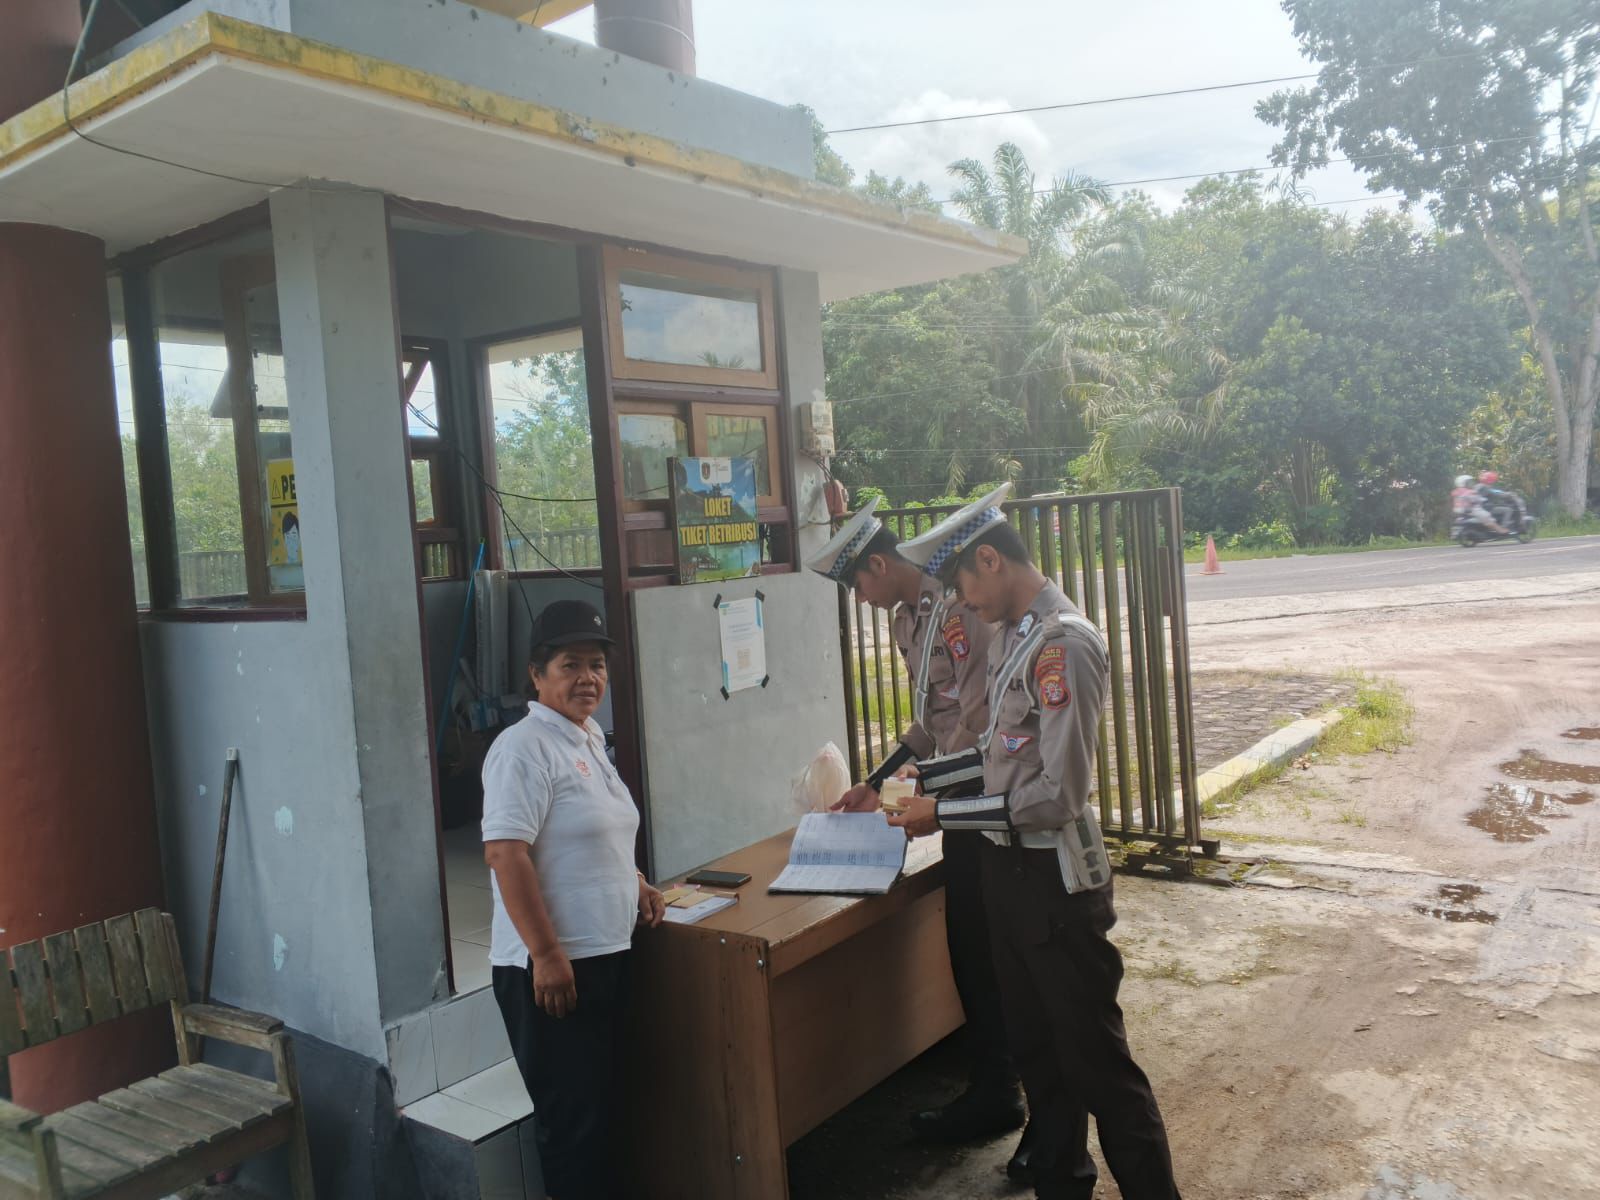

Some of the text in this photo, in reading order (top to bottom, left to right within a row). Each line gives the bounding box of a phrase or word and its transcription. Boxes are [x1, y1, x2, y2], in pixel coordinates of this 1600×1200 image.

[704, 497, 731, 516] LOKET
[680, 522, 756, 545] TIKET RETRIBUSI
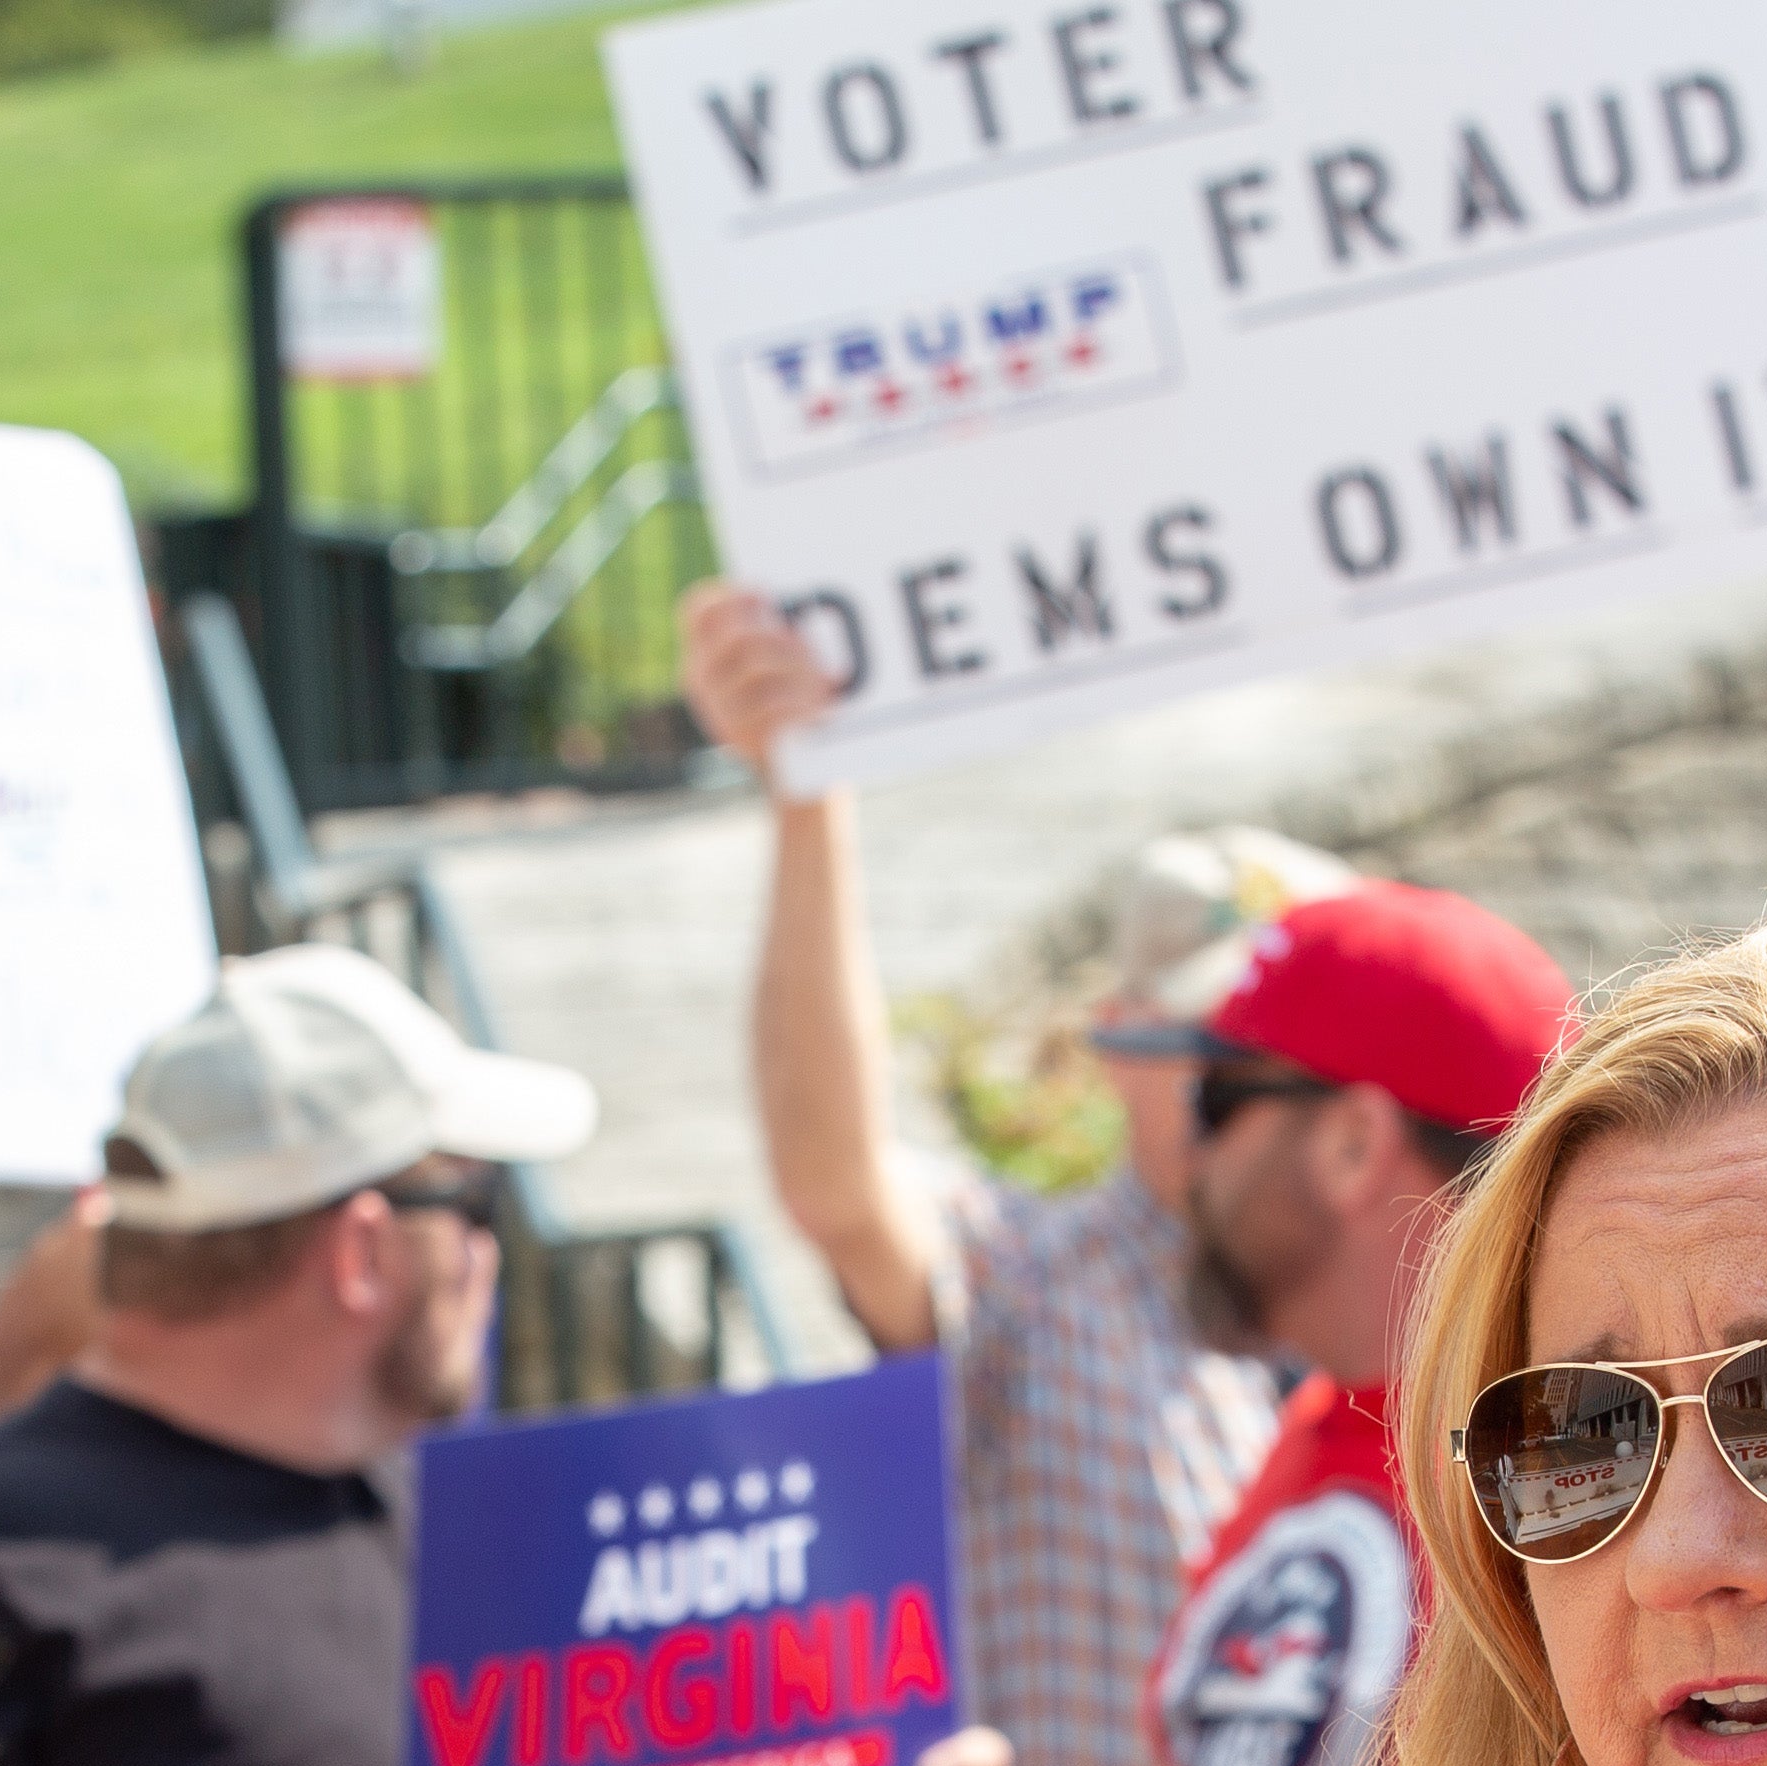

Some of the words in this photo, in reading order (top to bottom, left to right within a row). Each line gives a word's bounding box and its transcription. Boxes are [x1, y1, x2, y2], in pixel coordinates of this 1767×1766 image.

[704, 0, 1264, 194] VOTER
[1198, 70, 1756, 296] FRAUD
[762, 274, 1122, 393] TRUMP
[779, 500, 1236, 703] DEMS
[1315, 402, 1644, 582] OWN
[579, 1512, 818, 1637] AUDIT
^^^^^^^^
▶ **Assignment**
Please reproduce all the material exactly. Pictures stay out of the copy.

▶ **Exercise result**
Some of the text in this photo, in reading order (top to bottom, left to right within a row). Each line gives the bounding box of a phrase or word and its transcription. Boxes are [x1, y1, x2, y2], in pixel coordinates of this 1600×1200 image.

[704, 497, 731, 516] LOKET
[680, 522, 756, 545] TIKET RETRIBUSI

Some of the words in this photo, in reading order (top to bottom, left to right within a row). Each line gives a word's bounding box and its transcription. Boxes are [x1, y1, x2, y2], in pixel coordinates of this 1767×1766 image.

[704, 0, 1264, 194] VOTER
[1198, 70, 1756, 296] FRAUD
[762, 274, 1122, 393] TRUMP
[779, 500, 1236, 703] DEMS
[1315, 402, 1644, 582] OWN
[579, 1512, 818, 1637] AUDIT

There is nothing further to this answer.